Type of disease: Rare conditions

Bamforth syndrome is a rare disorder caused by congenital hypothyroidism. The thyroid is a small gland in the neck that produces hormones (chemicals that control certain body functions or development). Newborn babies with this condition have low hormone levels in their thyroid, which is due to having a lower amount of thyroid tissue. All babies born with this condition have spiky hair and a cleft palate (a hole in the roof of the mouth to the nose). Other common symptoms include choana astresia (a narrow nose airway making it harder to breath), bifid epiglottis (a problem with cartilage in your throat that often leads to airway obstruction), and intellectual disability. This condition may also cause malformations of the feet, hands or face.

Bamforth syndrome is a genetic condition caused by a change in the FOXE1 gene. Each person has two copies of every gene, one from mom and one from dad. Bamforth syndrome is passed down from parent to child in an autosomal recessive manner, which means one mutation from each parent is needed to cause symptoms. A person with only one mutation is called a carrier because they “carry” one changed copy and one unchanged copy of the gene. Carriers also show no signs or symptoms of the condition. If both parents are carriers, each of their children has a one in four chance (25%) of having the condition and a 50/50 chance of being a carrier.
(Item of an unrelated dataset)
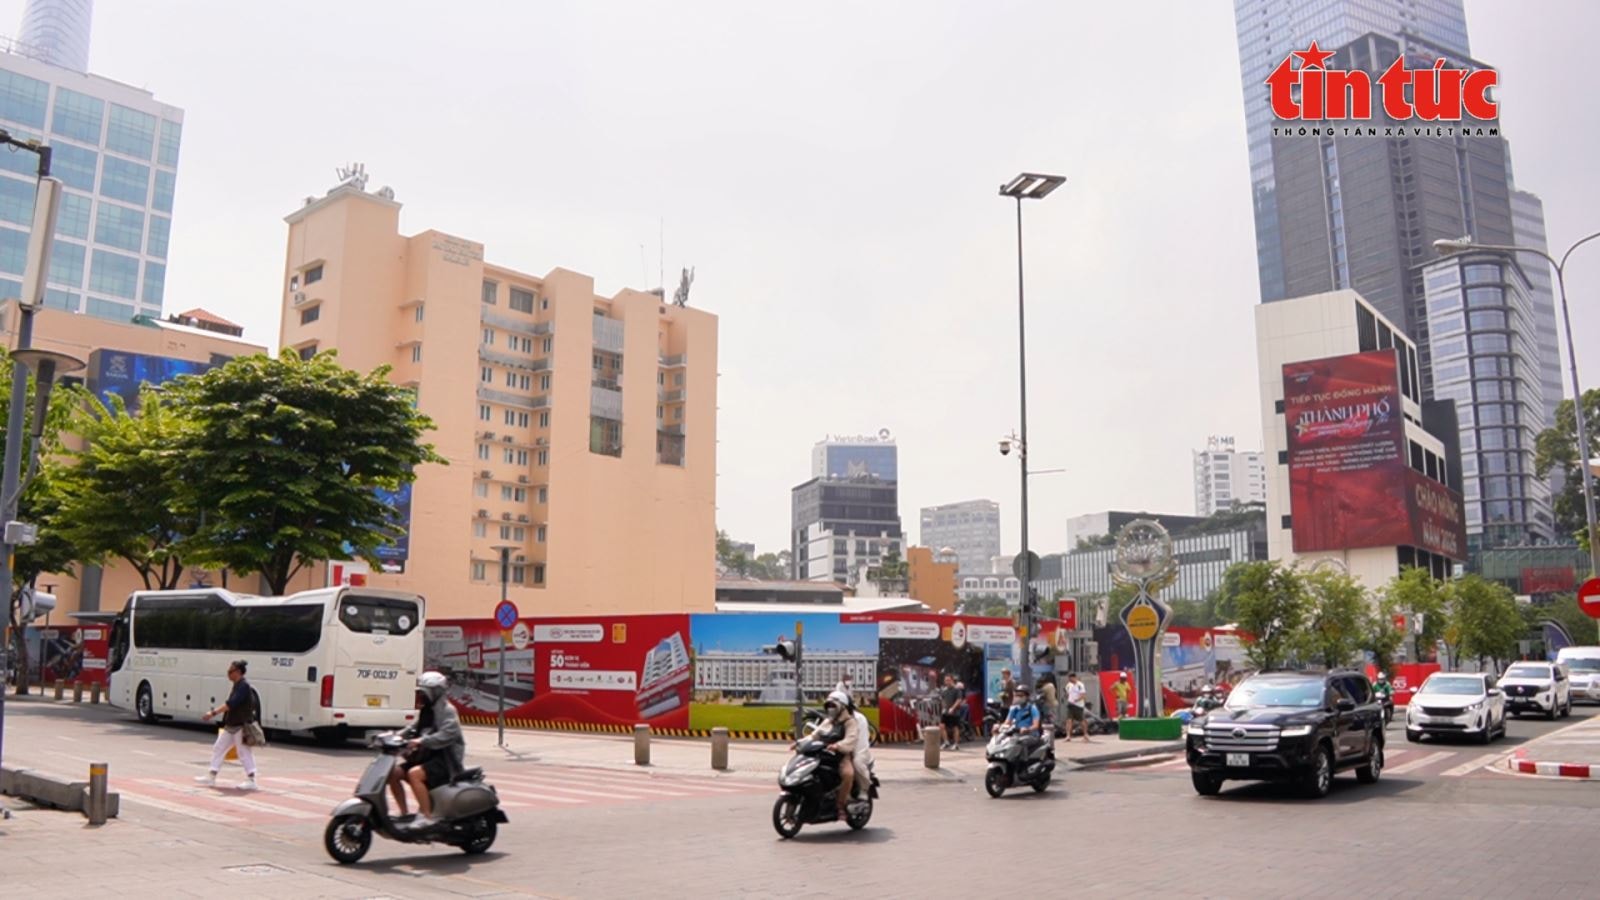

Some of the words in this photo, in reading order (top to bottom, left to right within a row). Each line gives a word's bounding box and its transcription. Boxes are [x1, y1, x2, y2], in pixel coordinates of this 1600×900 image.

Diagnosis is found normally by physical examination, thyroid ultrasonography, genetic testing, and by measuring the levels of hormones in the body through a blood test. Treatment usually includes thyroid hormone replacement therapy and surgery. Most children with this condition can have normal physical and pubertal development if appropriate treatment is given. If you or a family member has been diagnosed with Bamforth syndrome, talk with your doctor about the most current treatment options. Support groups are also good resources of support and information.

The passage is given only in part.